--- Exercise ---
Verbatim output required. Print the data in full.
—————
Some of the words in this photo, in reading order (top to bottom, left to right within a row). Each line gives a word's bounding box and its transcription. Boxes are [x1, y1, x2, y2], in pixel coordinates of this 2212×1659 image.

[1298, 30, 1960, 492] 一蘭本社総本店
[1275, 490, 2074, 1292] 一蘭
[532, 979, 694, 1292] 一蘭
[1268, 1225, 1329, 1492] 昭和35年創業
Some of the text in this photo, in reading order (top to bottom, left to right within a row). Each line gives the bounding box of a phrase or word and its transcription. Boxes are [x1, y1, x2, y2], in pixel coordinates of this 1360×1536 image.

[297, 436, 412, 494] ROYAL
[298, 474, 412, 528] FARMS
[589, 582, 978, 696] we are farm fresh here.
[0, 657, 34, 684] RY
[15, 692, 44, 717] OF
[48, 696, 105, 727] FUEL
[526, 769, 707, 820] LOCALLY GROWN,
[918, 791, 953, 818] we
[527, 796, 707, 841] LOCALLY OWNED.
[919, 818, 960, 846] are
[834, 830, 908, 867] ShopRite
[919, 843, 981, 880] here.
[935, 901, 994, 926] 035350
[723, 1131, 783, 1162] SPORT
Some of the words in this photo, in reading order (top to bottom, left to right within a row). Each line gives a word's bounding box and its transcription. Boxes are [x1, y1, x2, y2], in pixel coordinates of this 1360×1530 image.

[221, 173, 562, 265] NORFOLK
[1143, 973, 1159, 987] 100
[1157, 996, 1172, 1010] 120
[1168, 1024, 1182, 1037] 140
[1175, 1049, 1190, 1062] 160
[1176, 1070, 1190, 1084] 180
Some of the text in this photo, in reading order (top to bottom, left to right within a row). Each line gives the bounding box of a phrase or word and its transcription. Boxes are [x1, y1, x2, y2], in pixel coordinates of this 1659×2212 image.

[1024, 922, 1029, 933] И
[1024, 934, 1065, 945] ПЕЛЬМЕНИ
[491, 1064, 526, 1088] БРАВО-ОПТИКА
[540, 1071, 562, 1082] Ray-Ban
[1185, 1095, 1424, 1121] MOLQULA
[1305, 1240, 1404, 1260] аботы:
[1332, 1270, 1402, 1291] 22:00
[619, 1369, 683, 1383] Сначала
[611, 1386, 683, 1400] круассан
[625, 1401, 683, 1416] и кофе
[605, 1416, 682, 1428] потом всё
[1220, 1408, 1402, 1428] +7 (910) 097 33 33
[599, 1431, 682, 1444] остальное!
—————
--- Solved exercise ---
Some of the words in this photo, in reading order (top to bottom, left to right within a row). Each line gives a word's bounding box and its transcription. Boxes are [x1, y1, x2, y2], in pixel coordinates of this 2212×1659 image.

[1298, 30, 1960, 492] 一蘭本社総本店
[1275, 490, 2074, 1292] 一蘭
[532, 979, 694, 1292] 一蘭
[1268, 1225, 1329, 1492] 昭和35年創業
Some of the text in this photo, in reading order (top to bottom, left to right within a row). Each line gives the bounding box of a phrase or word and its transcription. Boxes are [x1, y1, x2, y2], in pixel coordinates of this 1360×1536 image.

[297, 436, 412, 494] ROYAL
[298, 474, 412, 528] FARMS
[589, 582, 978, 696] we are farm fresh here.
[0, 657, 34, 684] RY
[15, 692, 44, 717] OF
[48, 696, 105, 727] FUEL
[526, 769, 707, 820] LOCALLY GROWN,
[918, 791, 953, 818] we
[527, 796, 707, 841] LOCALLY OWNED.
[919, 818, 960, 846] are
[834, 830, 908, 867] ShopRite
[919, 843, 981, 880] here.
[935, 901, 994, 926] 035350
[723, 1131, 783, 1162] SPORT
Some of the words in this photo, in reading order (top to bottom, left to right within a row). Each line gives a word's bounding box and its transcription. Boxes are [x1, y1, x2, y2], in pixel coordinates of this 1360×1530 image.

[221, 173, 562, 265] NORFOLK
[1143, 973, 1159, 987] 100
[1157, 996, 1172, 1010] 120
[1168, 1024, 1182, 1037] 140
[1175, 1049, 1190, 1062] 160
[1176, 1070, 1190, 1084] 180
Some of the text in this photo, in reading order (top to bottom, left to right within a row). Each line gives the bounding box of a phrase or word and its transcription. Boxes are [x1, y1, x2, y2], in pixel coordinates of this 1659×2212 image.

[1024, 922, 1029, 933] И
[1024, 934, 1065, 945] ПЕЛЬМЕНИ
[491, 1064, 526, 1088] БРАВО-ОПТИКА
[540, 1071, 562, 1082] Ray-Ban
[1185, 1095, 1424, 1121] MOLQULA
[1305, 1240, 1404, 1260] аботы:
[1332, 1270, 1402, 1291] 22:00
[619, 1369, 683, 1383] Сначала
[611, 1386, 683, 1400] круассан
[625, 1401, 683, 1416] и кофе
[605, 1416, 682, 1428] потом всё
[1220, 1408, 1402, 1428] +7 (910) 097 33 33
[599, 1431, 682, 1444] остальное!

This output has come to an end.